Hingga berita ini muncu ke permukaan di Tiongkok hari Rabu ini, belum jelas betul bagaimana nantinya prosedur impornya ke Tiongkok yang sudah menyambut positif.
Menurut jubir Fujifilm Holdings, pihaknya tidak “tahu-menahu” perihal uji klinis yang dilakukan Tiongkok.
Namun ia mengakui pihaknya memang pernah meneken kontrak tentang produksi Avigan dengan Zhejian Hisun Pharmaceutical pada tahun 2016 lalu. Namun kontrak dagang itu kemudian dianulir tahun 2019.
Meski demikian, kata dia, Jepang dan Tiongkok masih tetap “berhubungan baik”.
Pihak Beijing mengklaim telah menerima hak untuk boleh memproduksi “barang istimewa” pembunu virus corona ini sejak Februari 2020 lalu.
Namun sayangnya pihak Jepang mengatakan, hak paten produksinya tetap ada di Jepang dan hak produksi di Tiongkok sudah kedaluwarsa tahun lalu.

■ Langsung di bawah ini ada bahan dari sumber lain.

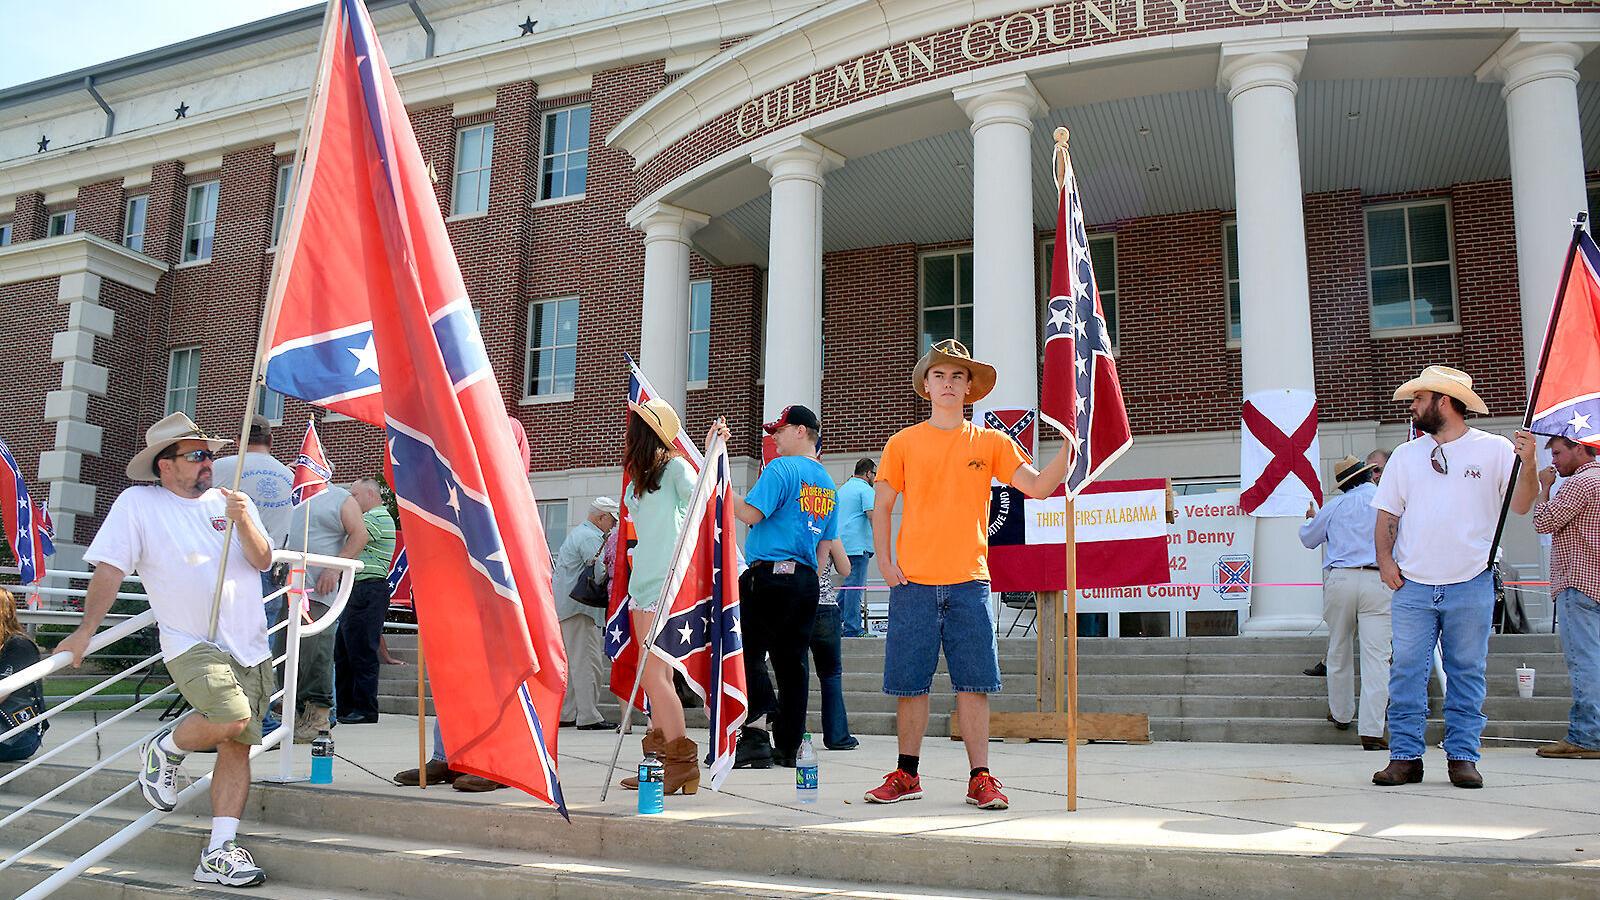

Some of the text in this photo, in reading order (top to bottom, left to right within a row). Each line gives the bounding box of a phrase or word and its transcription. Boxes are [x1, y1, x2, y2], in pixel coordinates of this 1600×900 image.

[736, 0, 1190, 138] CULLMAN COUNTY
[800, 497, 811, 512] IS
[1184, 503, 1246, 518] Veteran
[986, 491, 1010, 538] ATIVE LAND
[1036, 505, 1157, 528] THIRT FIRST ALABAMA
[1187, 529, 1235, 547] Denny
[1147, 583, 1201, 601] County
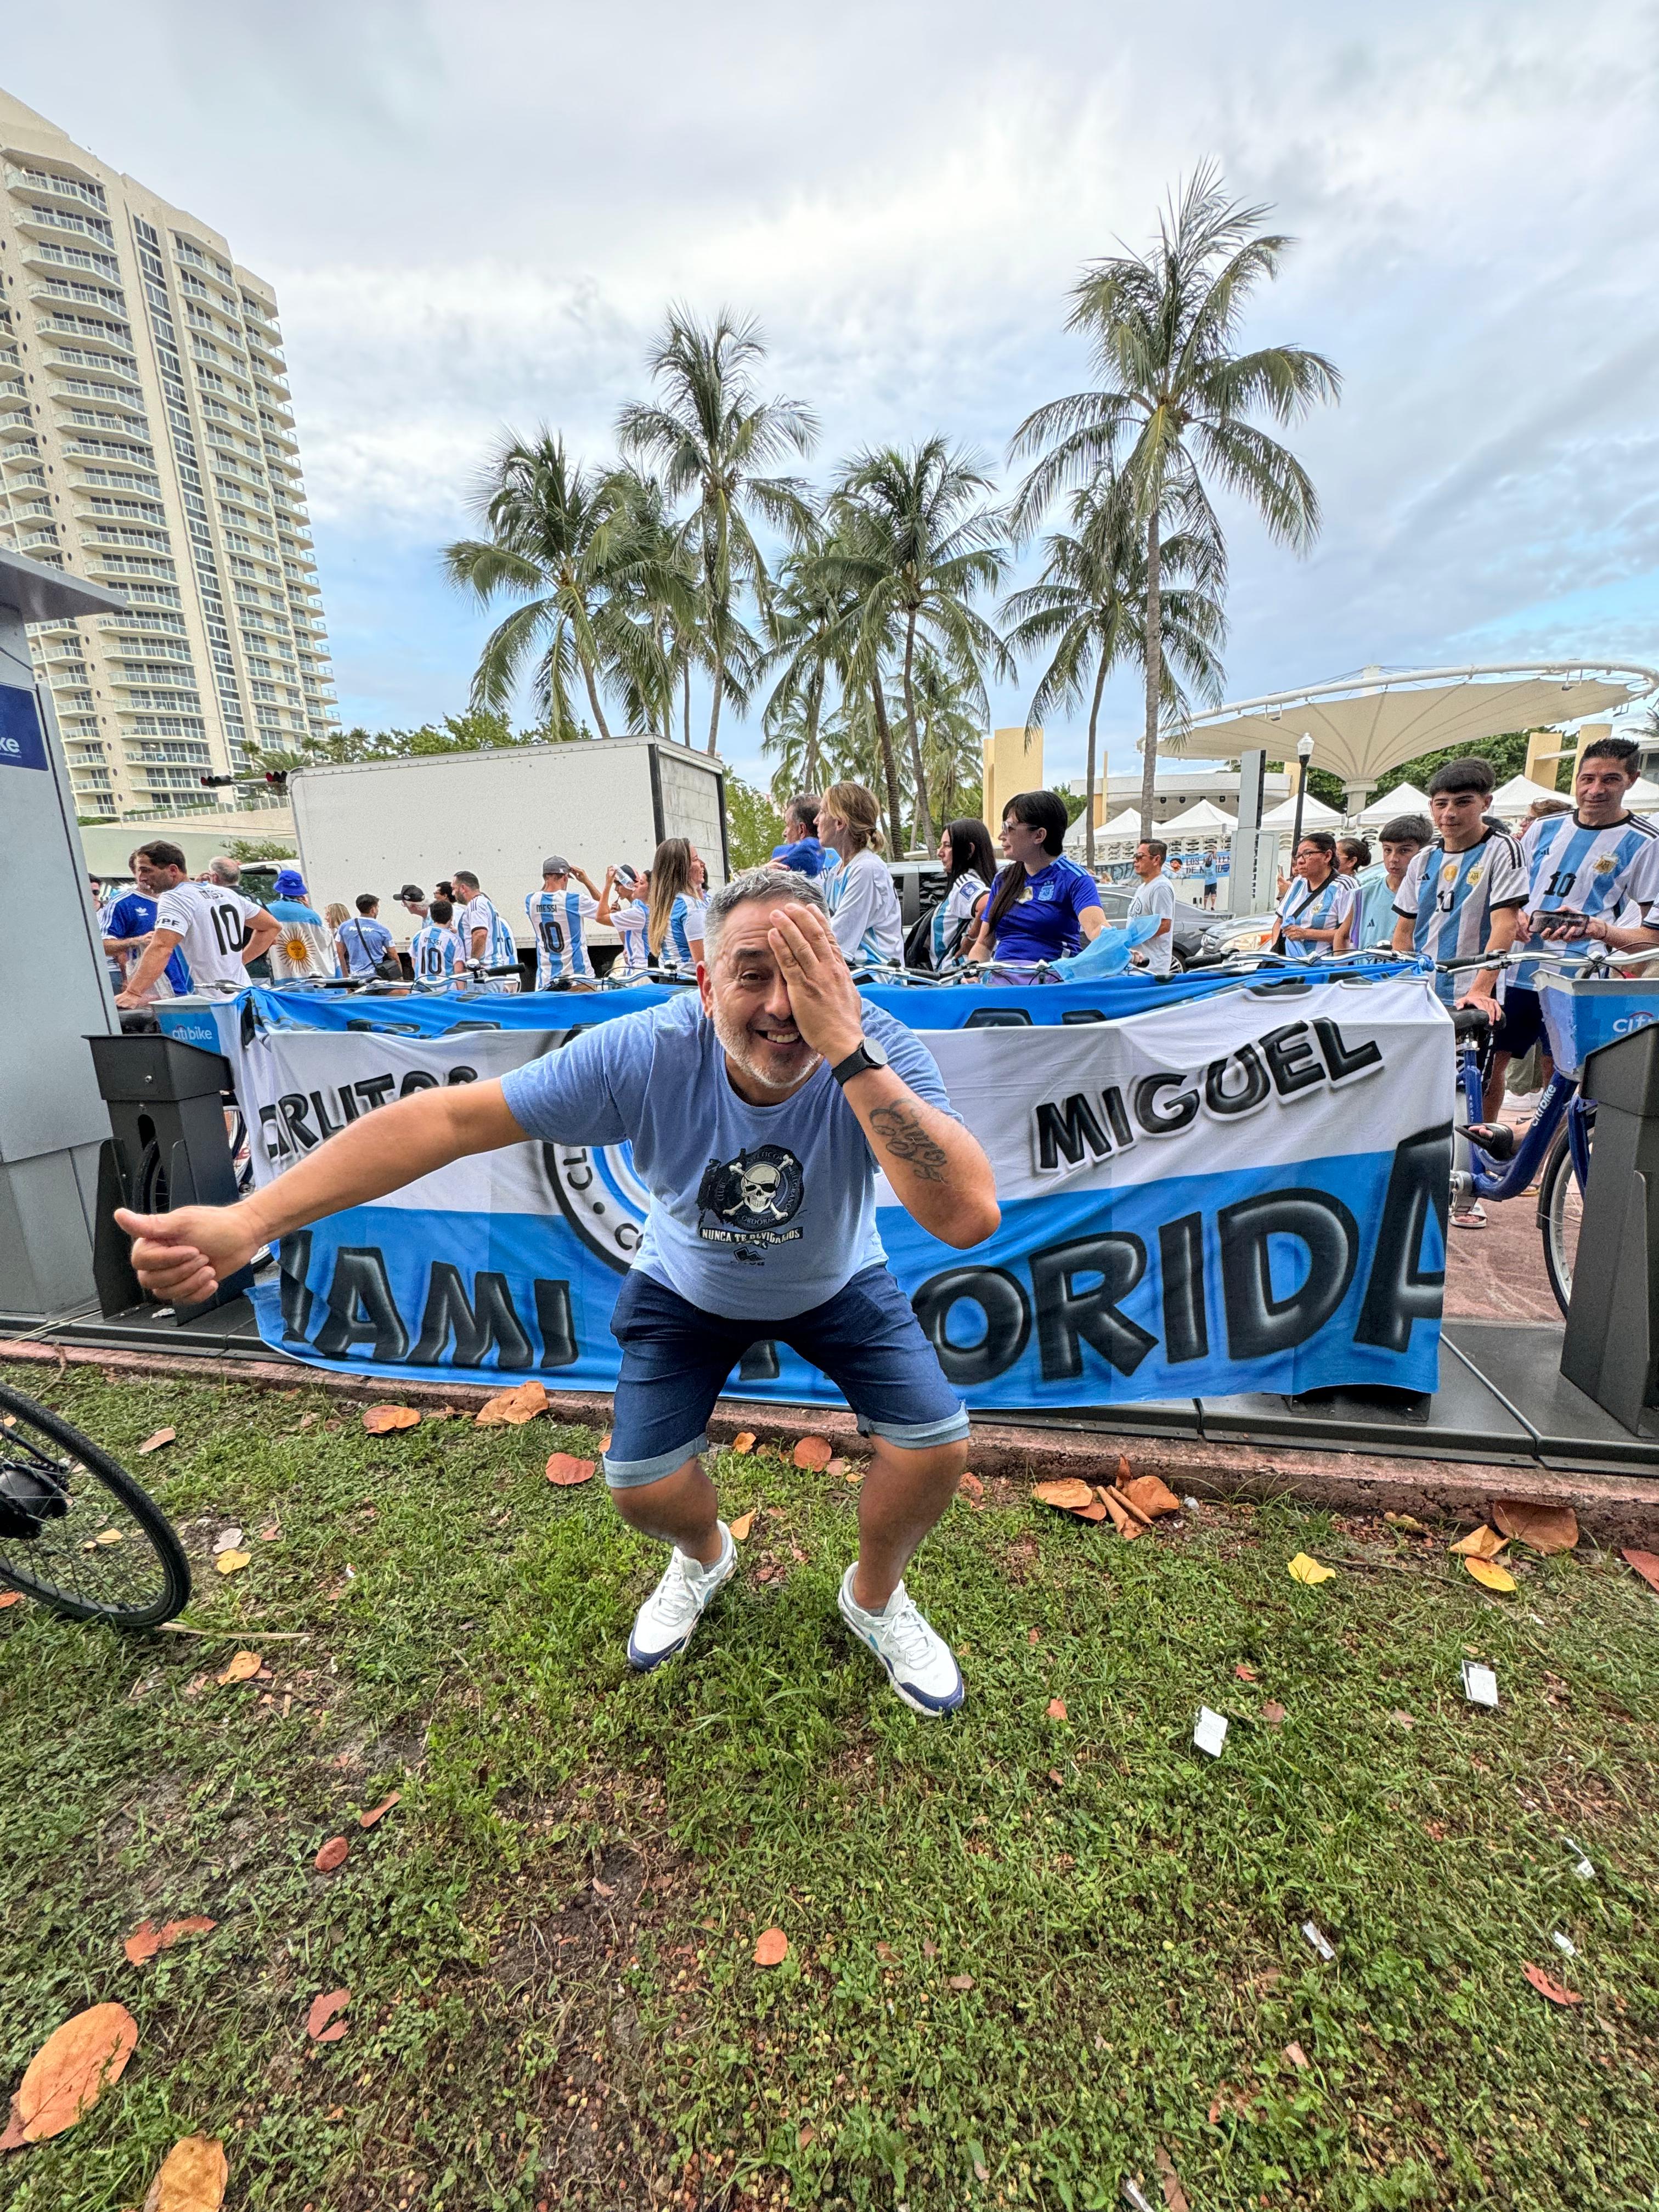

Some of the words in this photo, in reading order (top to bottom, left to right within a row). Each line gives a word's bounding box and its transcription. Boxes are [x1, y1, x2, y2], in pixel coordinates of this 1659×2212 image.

[1543, 871, 1577, 898] 10
[536, 904, 558, 913] MESSI
[210, 904, 243, 956] 10
[424, 936, 442, 946] MESSI
[539, 921, 565, 953] 10
[421, 946, 442, 974] 10
[187, 1026, 213, 1040] bike
[1039, 1017, 1383, 1169] MIGUEL
[702, 1228, 732, 1242] NUNCA
[734, 1233, 747, 1242] TE
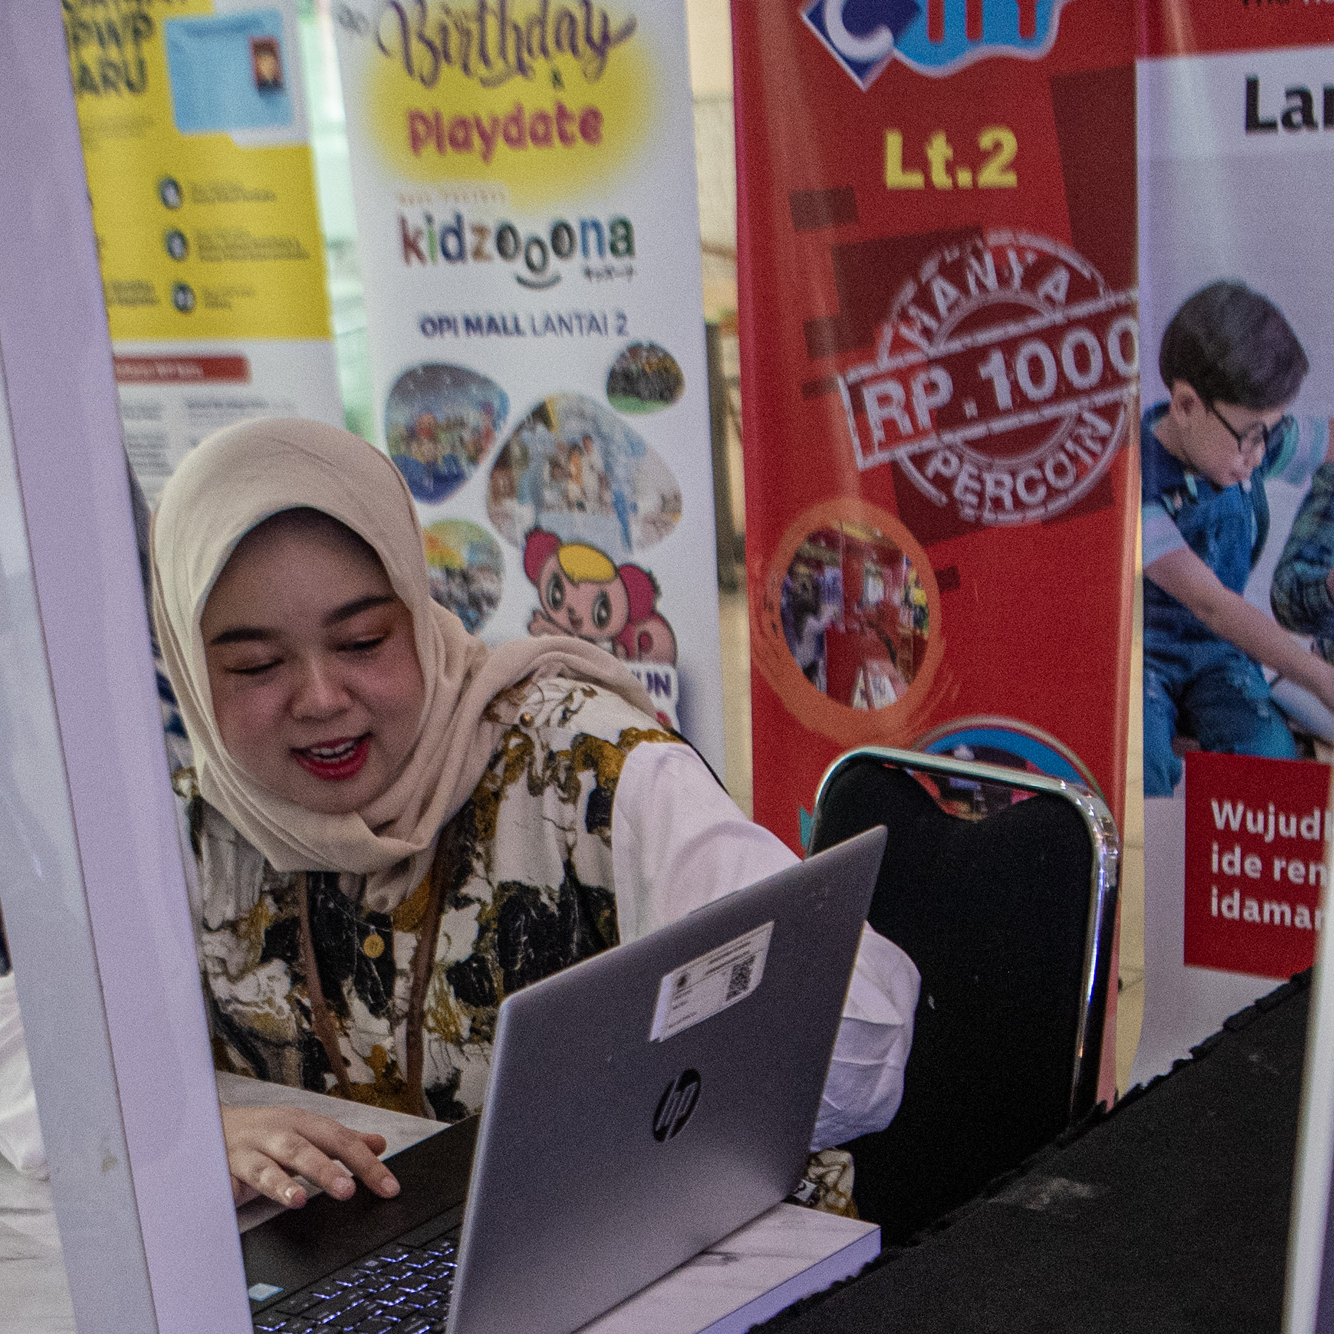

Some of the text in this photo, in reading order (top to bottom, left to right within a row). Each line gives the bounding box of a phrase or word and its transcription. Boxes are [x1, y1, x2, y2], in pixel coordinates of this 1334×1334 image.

Mungkin karena telah “kehilangan” hak paten yang sudah kedaluwarsa itu, Tiongkok kini mencoba memproduksi sendiri menurut rumus kimia dasarnya secara generik.
Uji klinis di Jepang juga sudah dilakukan sejak Maret 2020 lalu dan hasil uji klinis di sejumlah rumah sakit di Jepang itu akan muncul tidak lama lagi.
Tidak perlu menunggu waktu berbulan-bulan.